John Skelton (1925 Co. Armagh – 2009) was an Irish artist.

Biography
He started his professional career in London, where he came under influence of Euston Road School in the late 1940s.
In 1946 he married Caroline, settling four years later in Dublin. He worked initially in advertising as Art Director and illustrator of books, most of them educational. After 1975 he worked full-time as a painter. He had numerous one man shows in Dublin; two in Belfast, one in Los Angeles and one in the Mystic Seaport Museum in Connecticut.

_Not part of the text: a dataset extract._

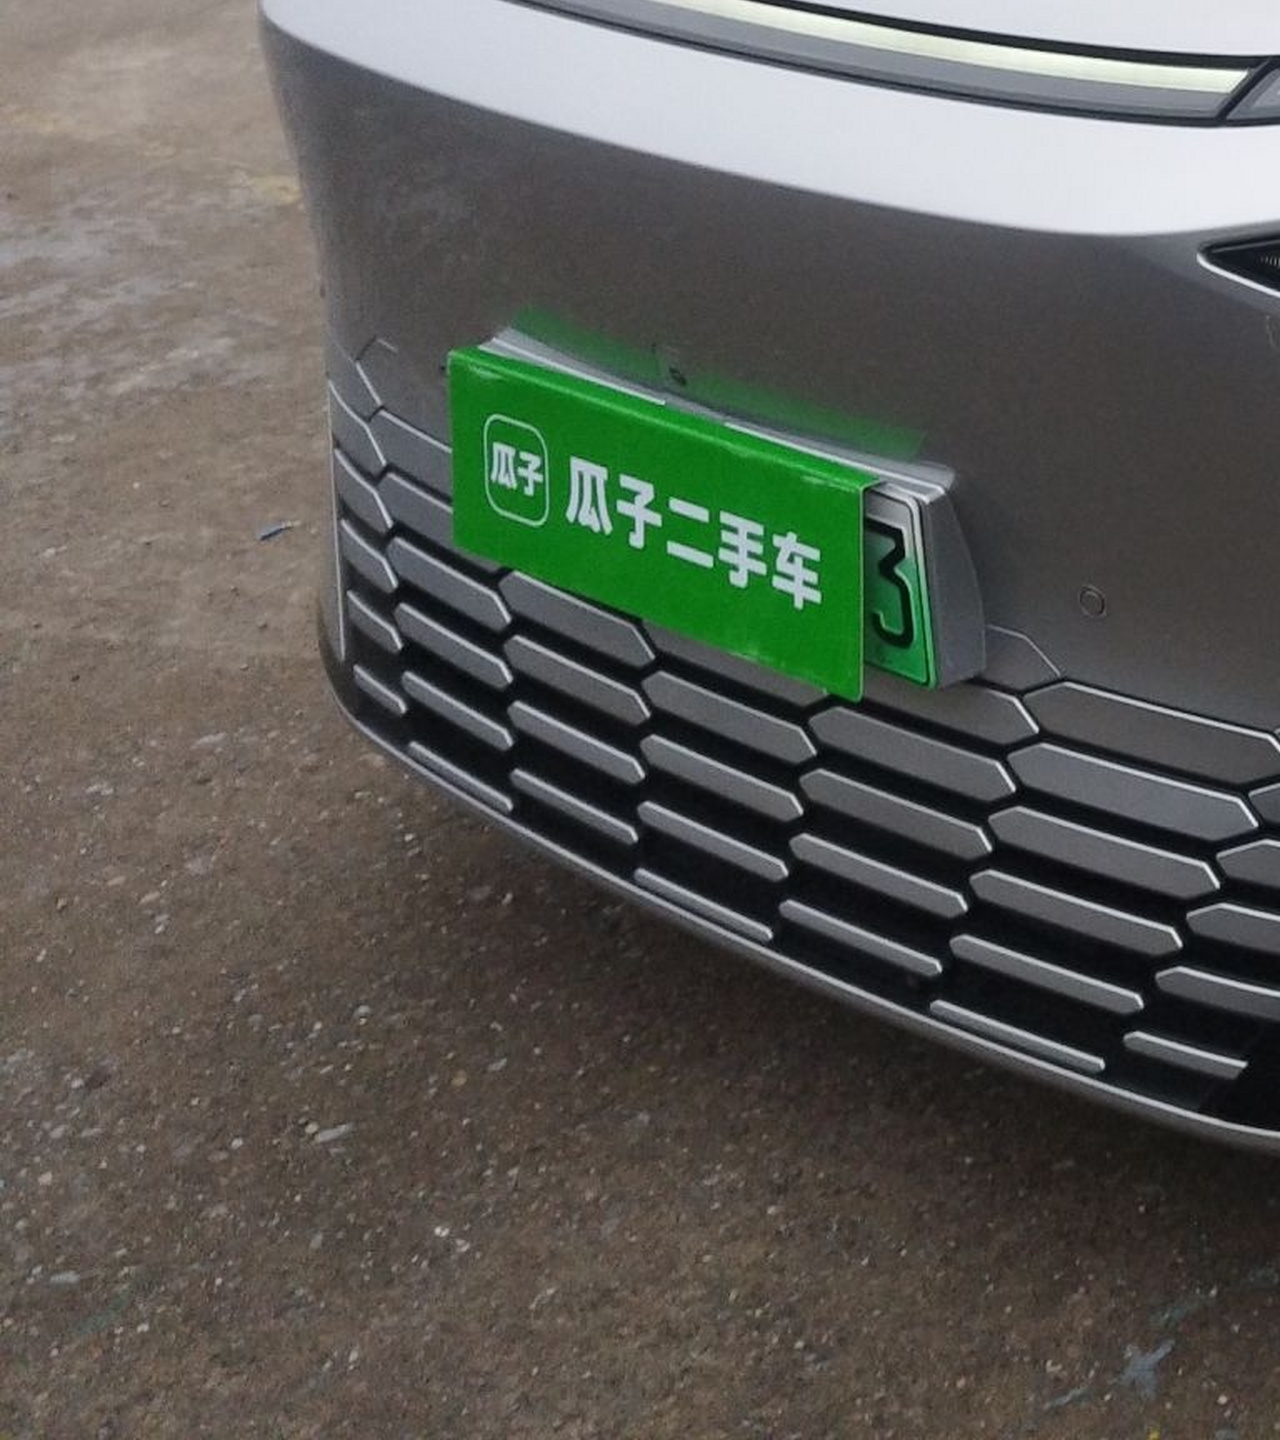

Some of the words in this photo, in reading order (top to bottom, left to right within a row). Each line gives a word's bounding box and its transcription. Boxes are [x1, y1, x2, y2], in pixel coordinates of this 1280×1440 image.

[490, 442, 543, 496] 瓜子
[566, 456, 822, 610] 瓜子二手车
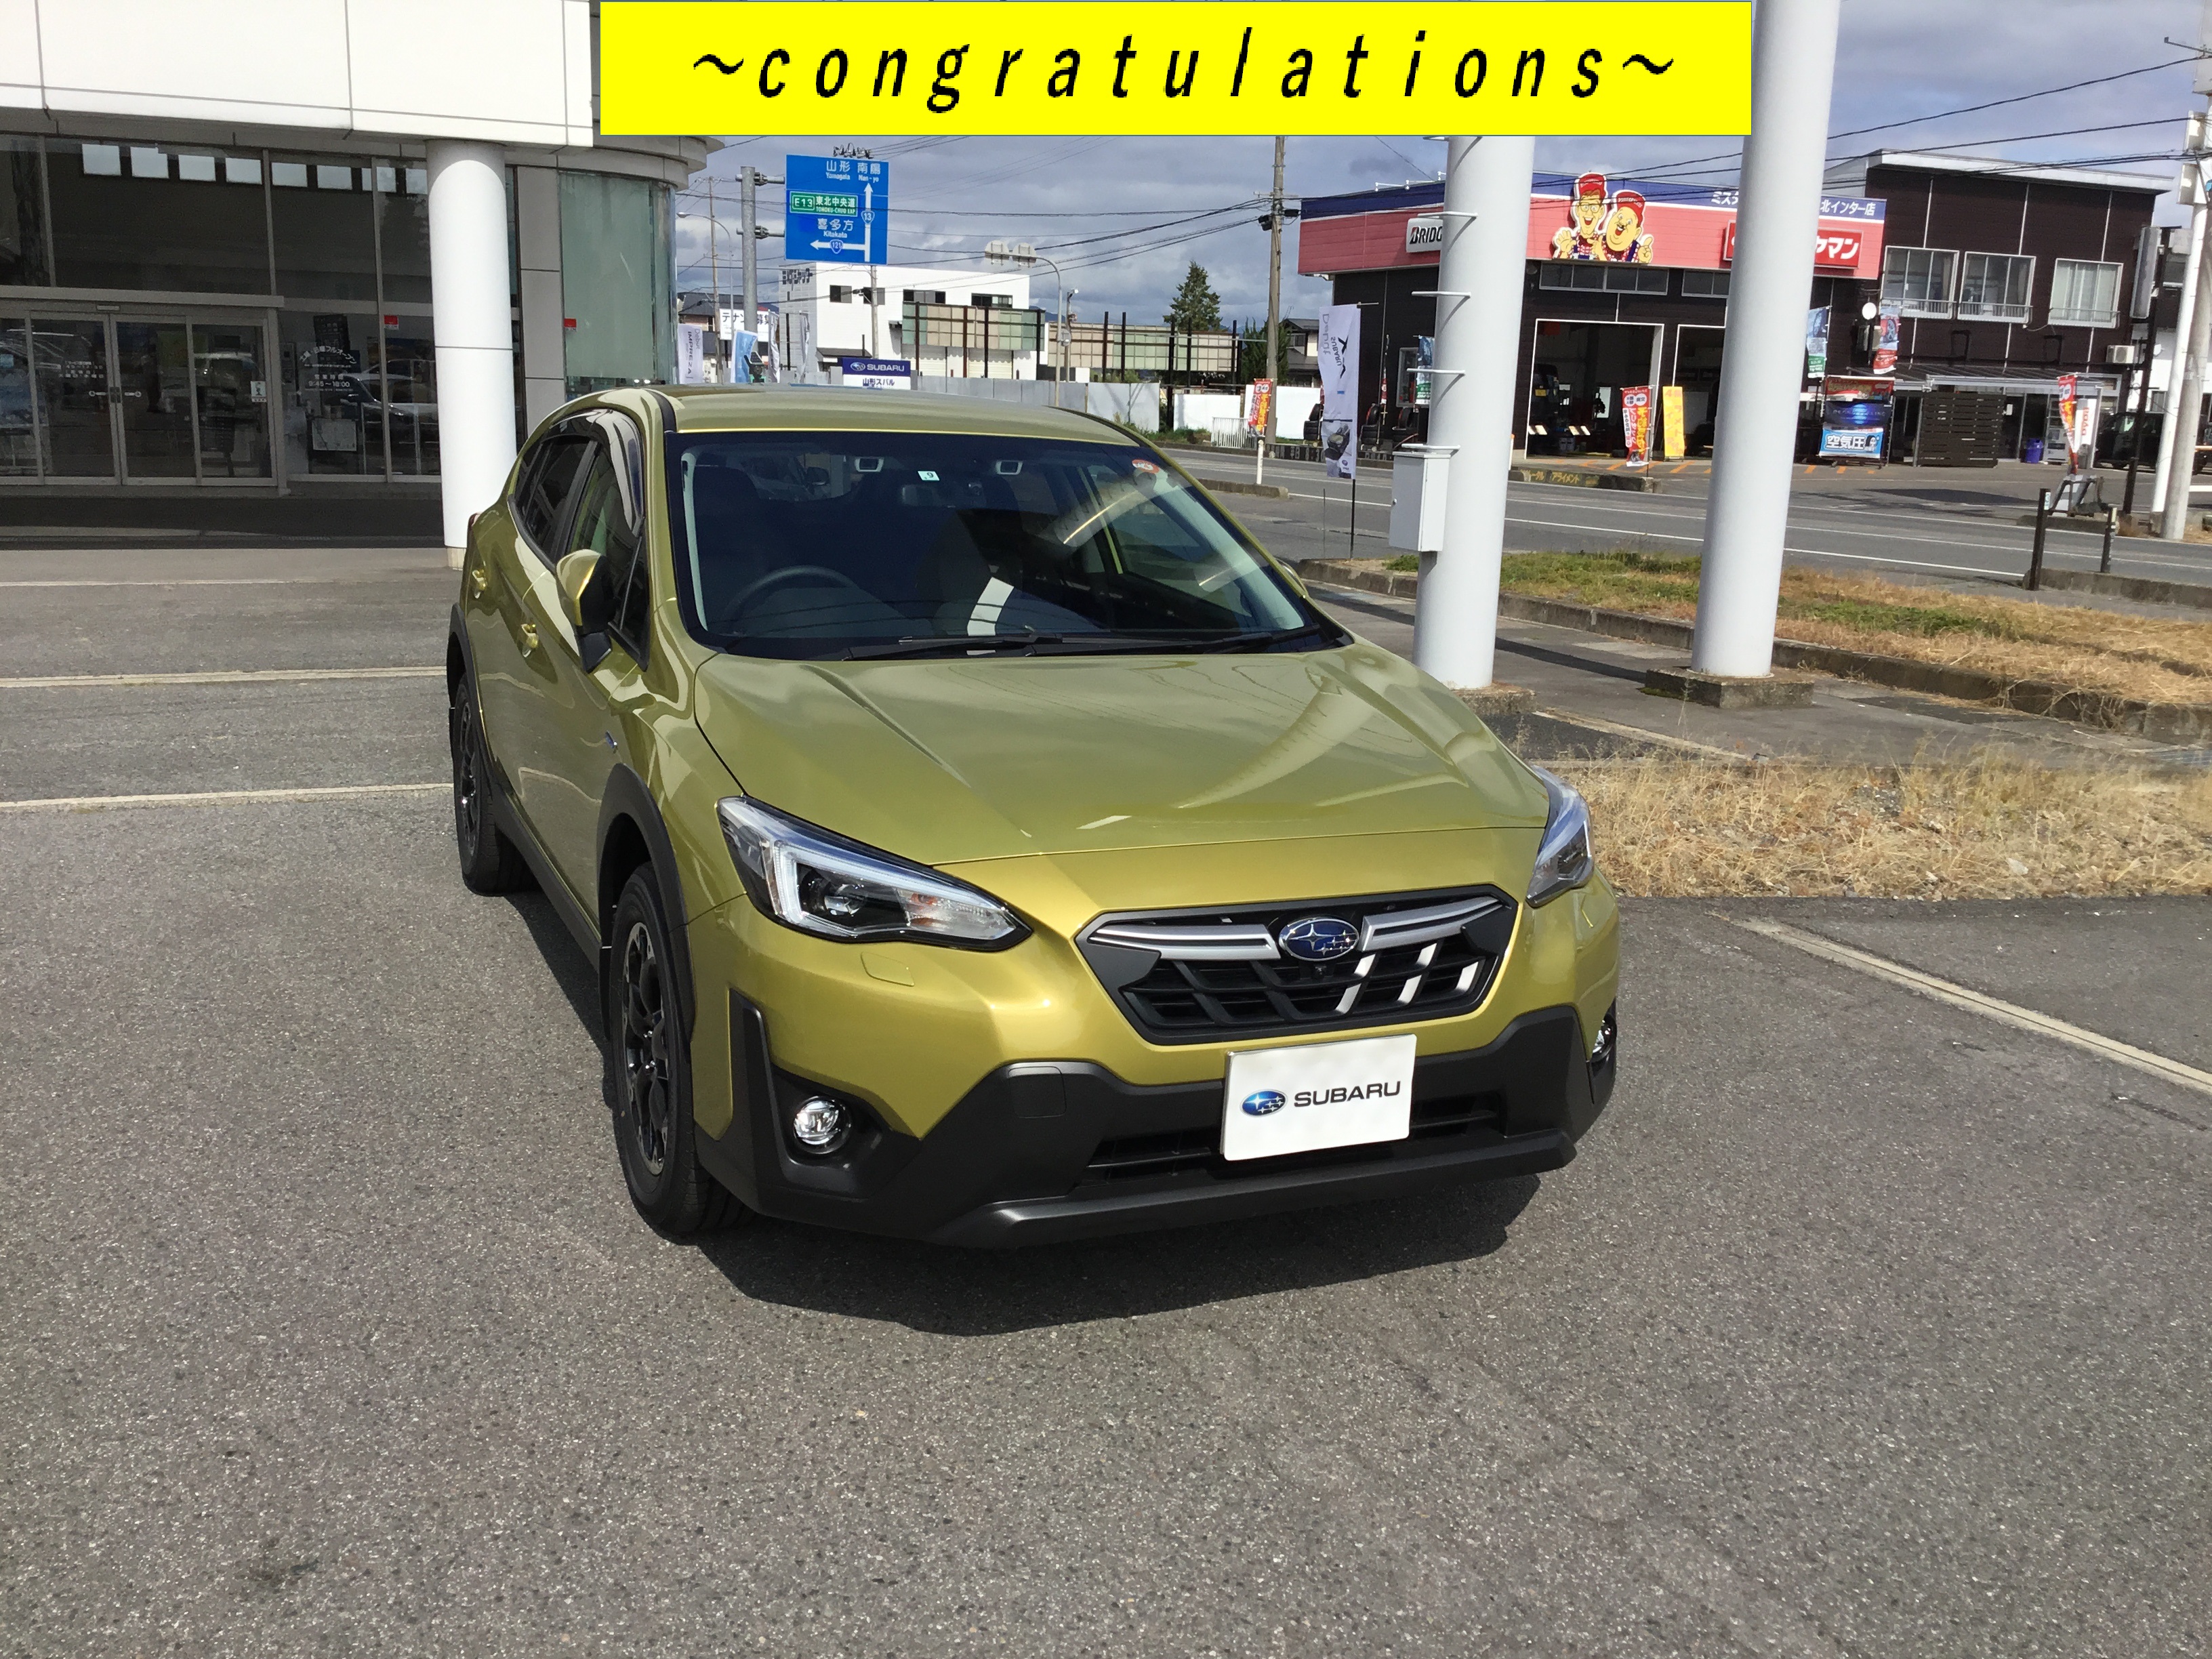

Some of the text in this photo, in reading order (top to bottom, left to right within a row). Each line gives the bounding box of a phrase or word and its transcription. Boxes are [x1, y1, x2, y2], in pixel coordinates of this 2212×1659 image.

Up to the late 1980s, Skelton was a frequent exhibitor in group shows, particularly the annual Royal Hibernian Academy and the Watercolour Society shows in Dublin. In recent years, however, his work was in such demand that he contributed to these less often. During the 1970s and earlier 1980s he earned a reputation as a gifted teacher and lecturer in the National College of Art and Design in Dublin.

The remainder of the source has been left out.